La vie est une boucle. On apprend à vivre d’une certaine manière et chaque choix, chaque pas que nous faisons nous rapporte toujours vers la même direction. Lorsqu’on enlève leurs repères aux hommes, ceux-ci sont complètement perdus et perdent une part de ce qu’ils sont, ne savent plus comment se comporter. La pandémie est une très bonne illustration de cette affirmation et c’est ce que nous démontre l’histoire de Marlène Gibaud.
Marlène est secrétaire. Elle a 59 ans et habite à Saint Cyr L’école. Elle est divorcée et n’a aucun enfant. Tous les matins, Marlène se lève à sept heures, boit son café noir avec un demi-sucre et monte dans sa voiture à huit heures pile. Elle allume la radio et se met à fredonner sa chanson préférée, « I started a joke « des Bee Gees. Son trajet dure quinze minutes et la conduit jusqu’au parking de la maison de repos Saint Julien.

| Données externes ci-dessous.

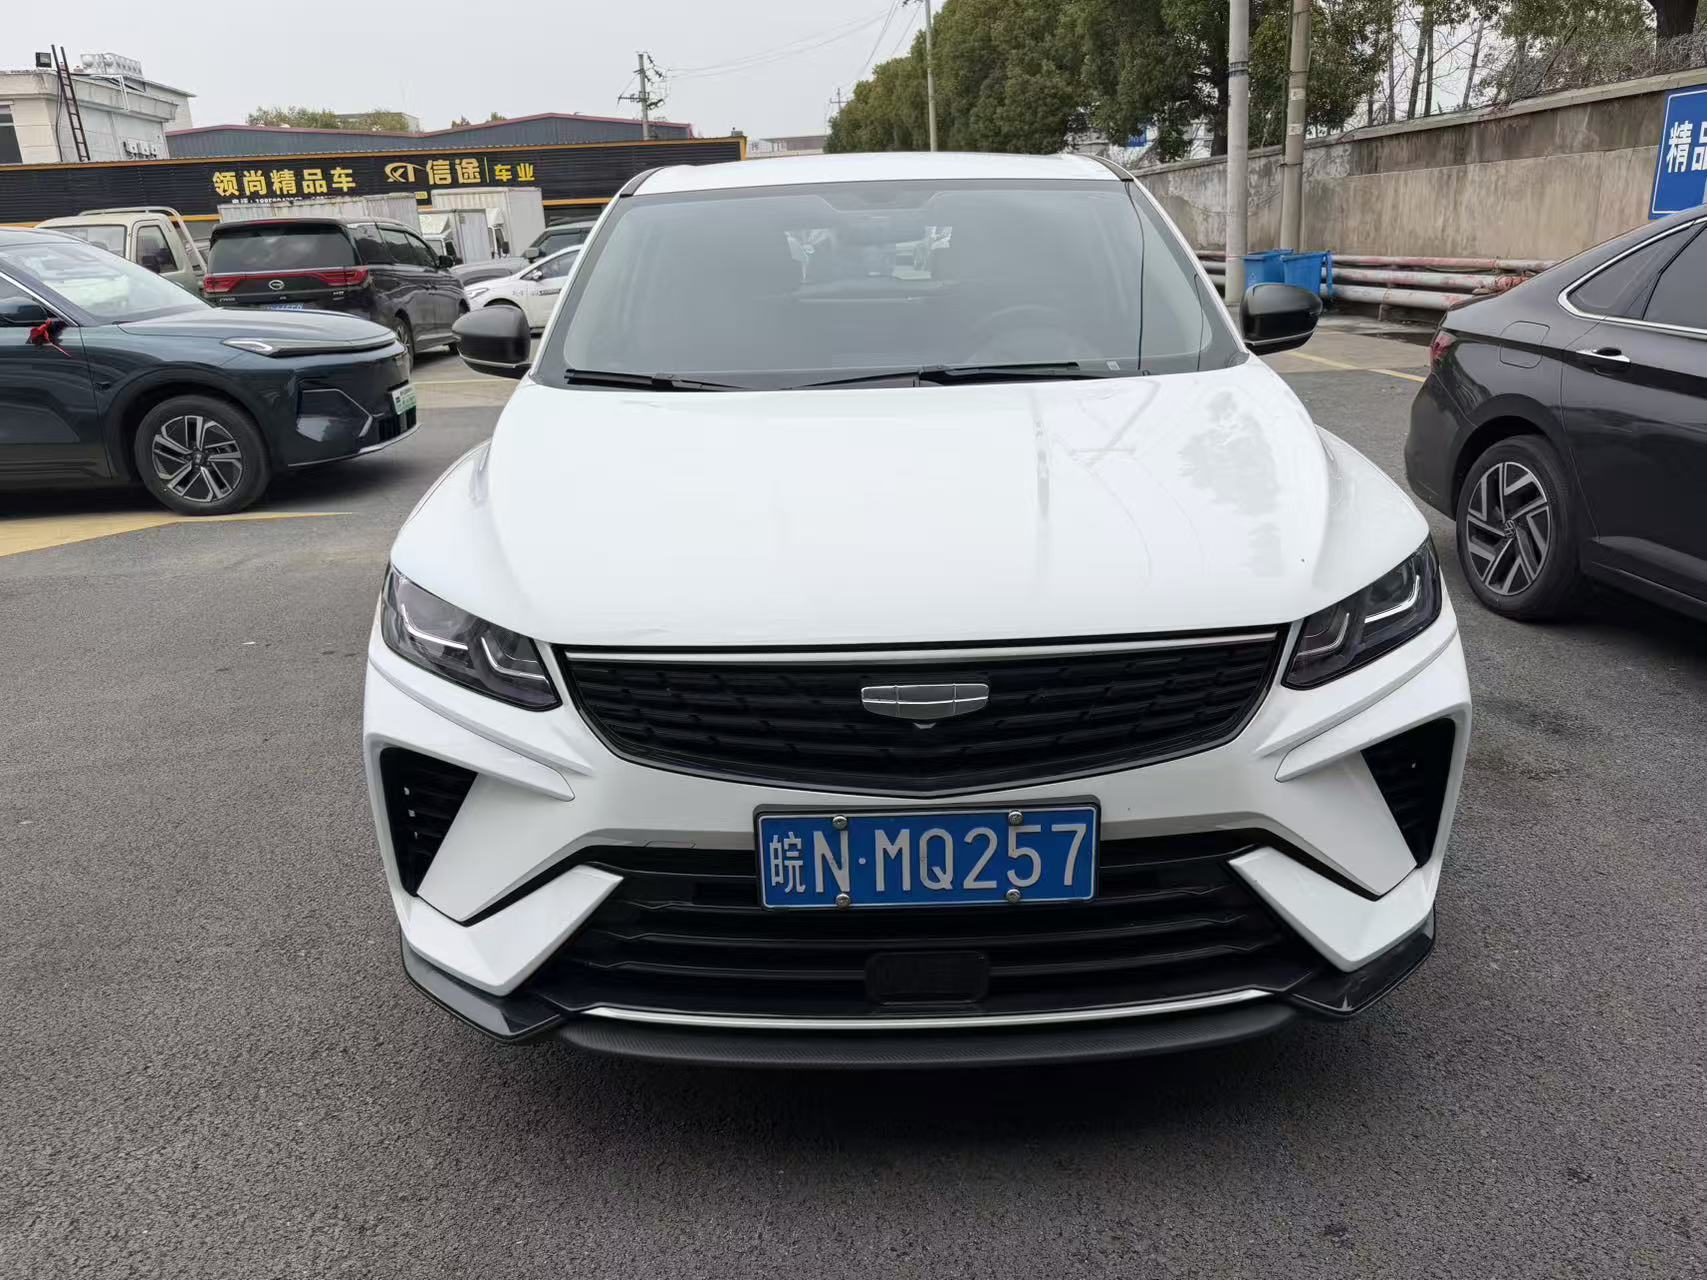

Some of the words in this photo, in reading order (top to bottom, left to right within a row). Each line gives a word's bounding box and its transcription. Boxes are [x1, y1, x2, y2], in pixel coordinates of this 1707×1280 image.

[212, 167, 356, 197] 领尚精品车
[426, 158, 481, 185] 信途
[493, 163, 535, 182] 车业

La maison de repos, elle la connaît bien. Elle en connaît tous les employés, les habitudes et tous les petits recoins. Effectivement, cela fait près de six ans que Marlène vient rendre visite à sa mère tous les jours. Chaque jour, chaque week-end, de 8h15 à 9h, Marlène est présente pour sa mère Ginette, âgée de 95 ans. Les deux femmes ont une relation très fusionnelle : Ginette a élevé Marlène toute seule et l’a accompagnée tout au long de sa vie. Marlène ne peut donc pas s’empêcher de lui rendre la pareille depuis son installation en maison de repos.

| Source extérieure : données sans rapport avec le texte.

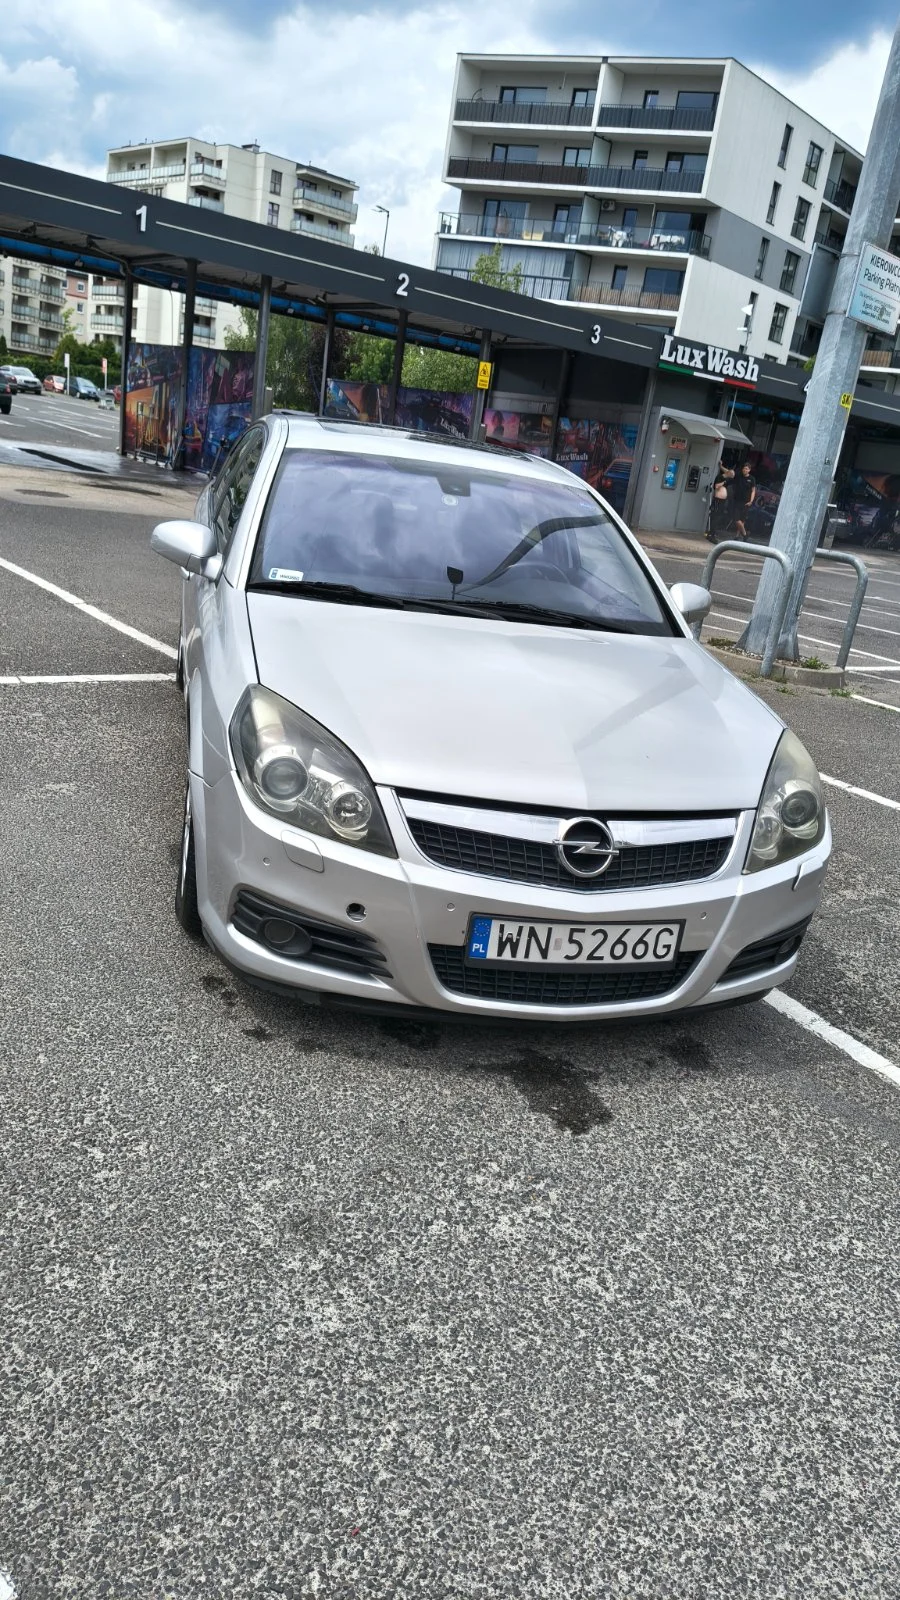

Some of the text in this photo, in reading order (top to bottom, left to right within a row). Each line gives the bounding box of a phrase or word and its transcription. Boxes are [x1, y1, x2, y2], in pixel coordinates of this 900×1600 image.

[135, 204, 147, 232] 1
[396, 272, 410, 297] 2
[864, 268, 885, 290] Parking
[591, 324, 601, 344] 3
[472, 943, 485, 953] PL
[497, 923, 675, 961] WN 5266G

Cependant, avec l’arrivée de la pandémie, les habitudes de Marlène ont toutes été modifiées. Cette femme qui dévouait tout son temps à sa mère et à son bien-être se retrouve désormais enfermée chez elle, et n’a maintenant aucune possibilité de lui rendre visite.

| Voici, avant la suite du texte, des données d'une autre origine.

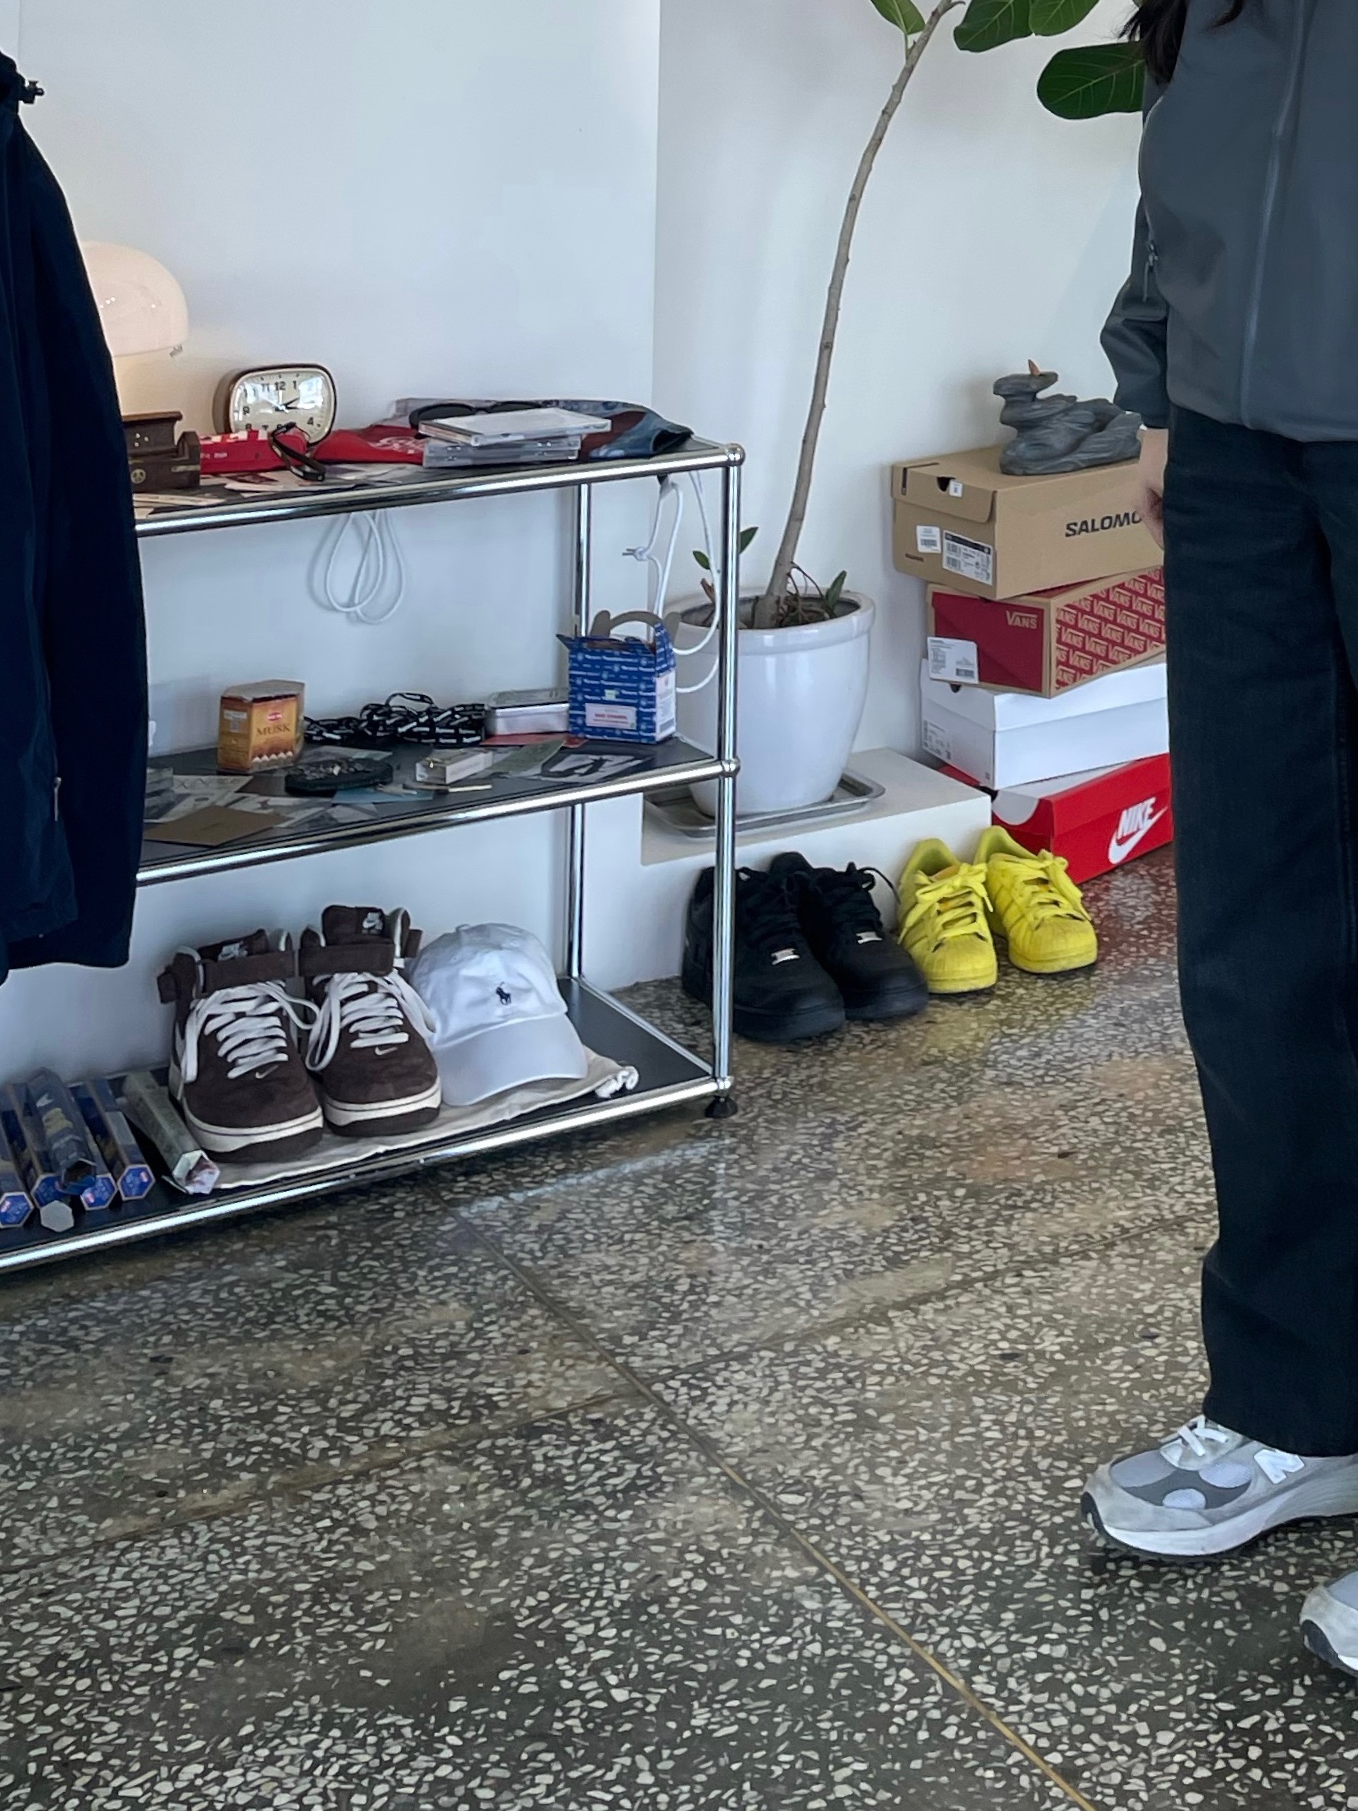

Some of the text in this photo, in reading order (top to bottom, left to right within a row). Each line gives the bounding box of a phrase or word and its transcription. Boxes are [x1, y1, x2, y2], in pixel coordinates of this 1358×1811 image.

[274, 381, 286, 391] 12
[293, 381, 298, 390] 1
[306, 417, 314, 426] 4
[1005, 610, 1038, 630] VANS
[256, 724, 291, 736] MUSK
[1117, 796, 1157, 840] NIKE

Lassée de ce qu’elle considère comme un emprisonnement, Marlène décide un jour de se rendre à la maison de repos, et ce sans aucune autorisation préalable. La chambre de sa mère se trouvant au rez-de-chaussée, Marlène fait discrètement le tour du bâtiment et tapote à la vitre de façon discrète et rapide. Les rideaux s’ouvrent, dévoilant le sourire de Ginette, très heureuse de retrouver sa fille adorée. Malheureusement, la pandémie et la fragilité de Ginette les empêchent de se rapprocher.
Marlène, masquée, ne supporte finalement pas cette situation, se sent très vite oppressée. Elle a beaucoup de chagrin à voir sa mère enfermée ainsi et de ne pas pouvoir la soutenir comme à l’ordinaire.
Au lieu d’apporter du réconfort à Marlène, cette visite clandestine et imprévue est finalement un désastre. Le fait de devoir échanger avec sa mère à travers une fenêtre sans pouvoir lui parler ou la tenir dans ses bras est une expérience traumatisante. Même si elle attend avec impatience que soit redonnée l’autorisation de visite dans les maisons de retraite, Marlène se demande si elle sera capable d’y aller aussi fréquemment qu’auparavant et de retrouver la joie qui l’accompagnait à chaque visite.
L’expérience pandémique l’a profondément angoissée, et a indirectement impacté sa relation avec sa mère.
Elle qui était pétrie d’habitude et rassurée par son petit train-train, elle est surprise qu’un événement comme celui-ci puisse engendrer une telle réaction chez elle. Elle ne se reconnaît plus.